TASK INSTRUCTIONS -
Retype the records in full, and please keep the pictures out of the copy.

===== PROVIDED DATA =====

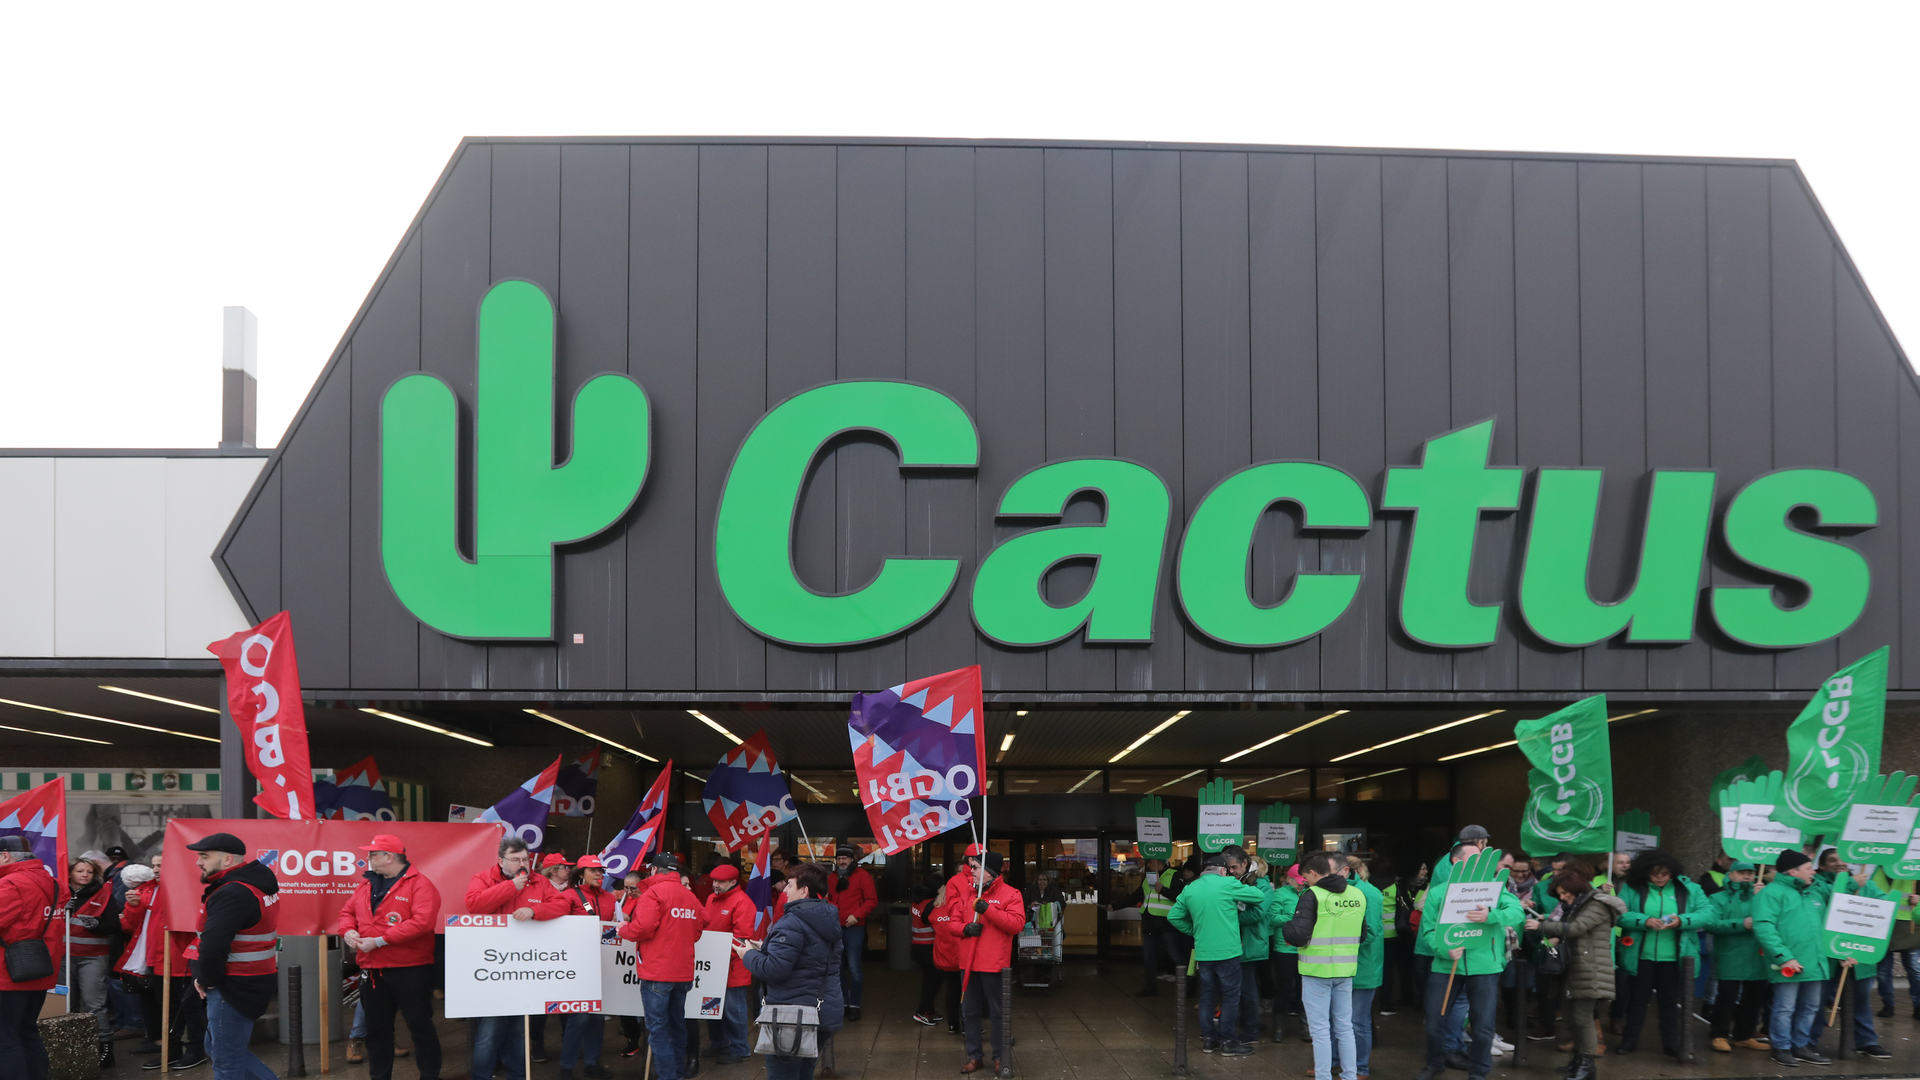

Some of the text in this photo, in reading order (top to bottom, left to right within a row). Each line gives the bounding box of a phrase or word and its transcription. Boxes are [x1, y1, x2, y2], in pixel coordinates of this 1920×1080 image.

[713, 380, 1879, 647] Cactus
[1339, 900, 1361, 908] LCGB
[1458, 929, 1483, 938] LCGB
[484, 949, 568, 964] Syndicat
[474, 968, 577, 981] Commerce
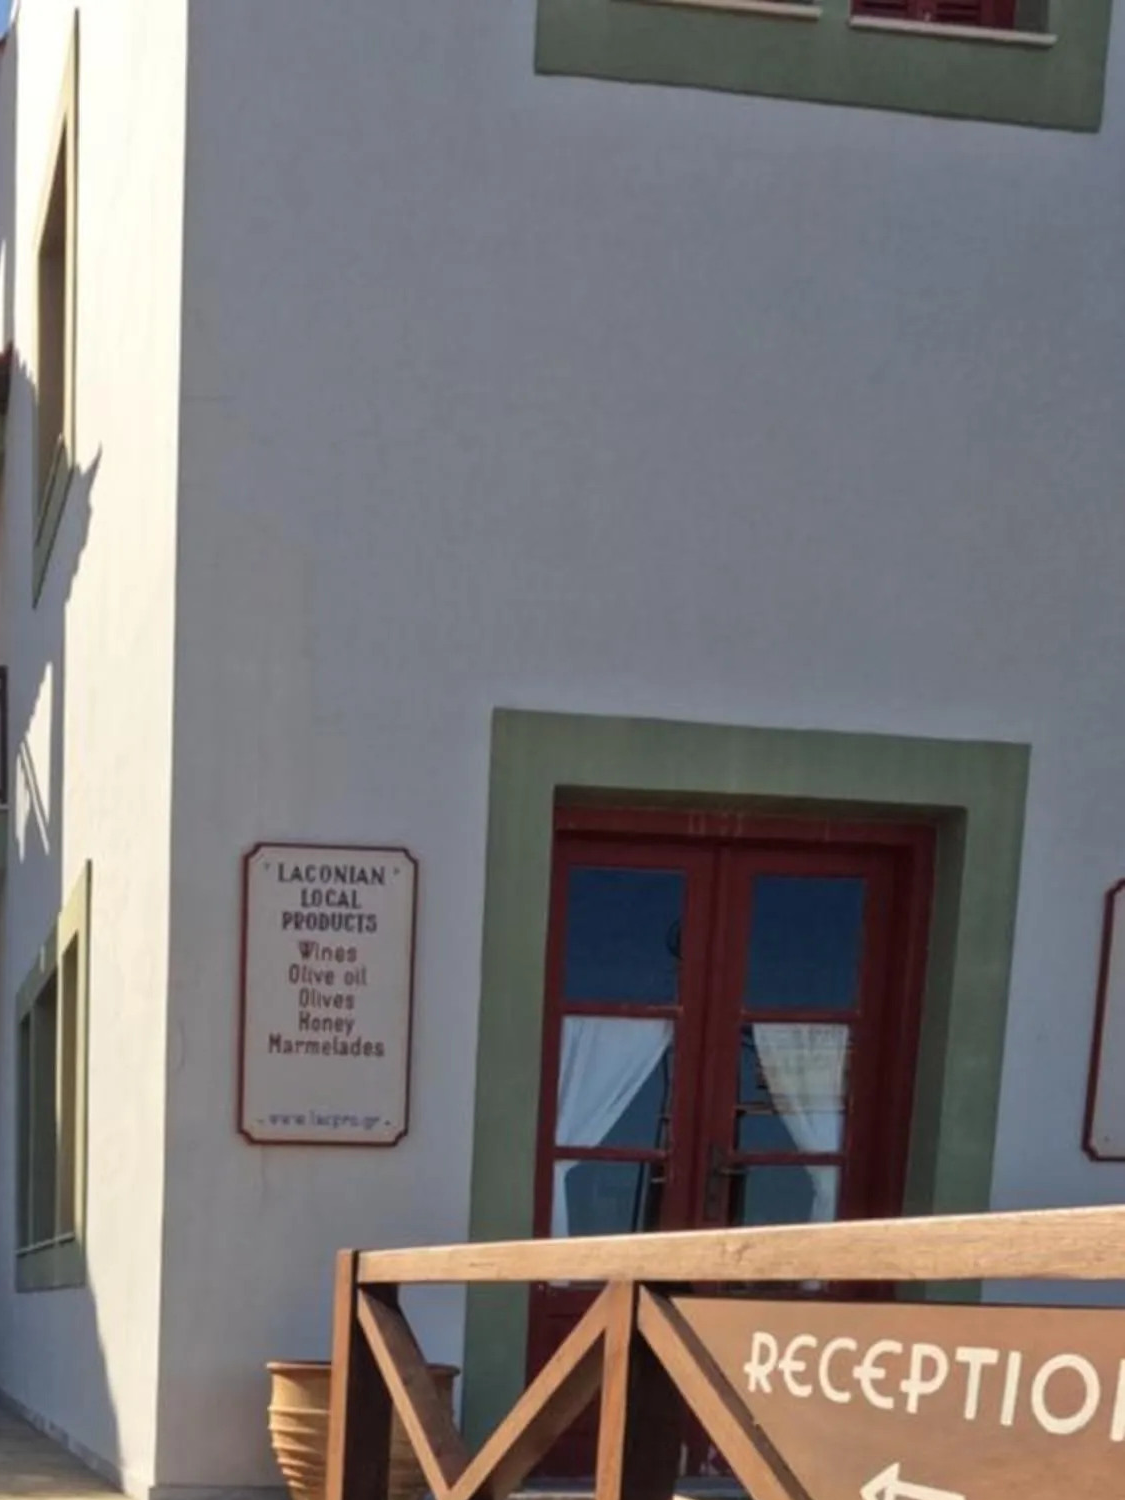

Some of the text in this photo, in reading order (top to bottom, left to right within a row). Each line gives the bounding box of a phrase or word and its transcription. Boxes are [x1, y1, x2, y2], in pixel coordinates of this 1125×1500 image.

[278, 862, 385, 885] LACONIAN
[300, 888, 361, 909] LOCAL
[282, 911, 377, 934] PRODUCTS
[298, 940, 357, 963] Wines
[289, 963, 367, 986] Olive oil
[299, 988, 355, 1010] Olives
[299, 1010, 355, 1035] Honey
[744, 1331, 1125, 1442] RECEPTIO

=====

TASK RESPONSE -
Some of the text in this photo, in reading order (top to bottom, left to right within a row). Each line gives the bounding box of a phrase or word and its transcription. Boxes are [x1, y1, x2, y2], in pixel coordinates of this 1920×1080 image.

[713, 380, 1879, 647] Cactus
[1339, 900, 1361, 908] LCGB
[1458, 929, 1483, 938] LCGB
[484, 949, 568, 964] Syndicat
[474, 968, 577, 981] Commerce

Some of the text in this photo, in reading order (top to bottom, left to right within a row). Each line gives the bounding box of a phrase or word and its transcription. Boxes are [x1, y1, x2, y2], in pixel coordinates of this 1125×1500 image.

[278, 862, 385, 885] LACONIAN
[300, 888, 361, 909] LOCAL
[282, 911, 377, 934] PRODUCTS
[298, 940, 357, 963] Wines
[289, 963, 367, 986] Olive oil
[299, 988, 355, 1010] Olives
[299, 1010, 355, 1035] Honey
[744, 1331, 1125, 1442] RECEPTIO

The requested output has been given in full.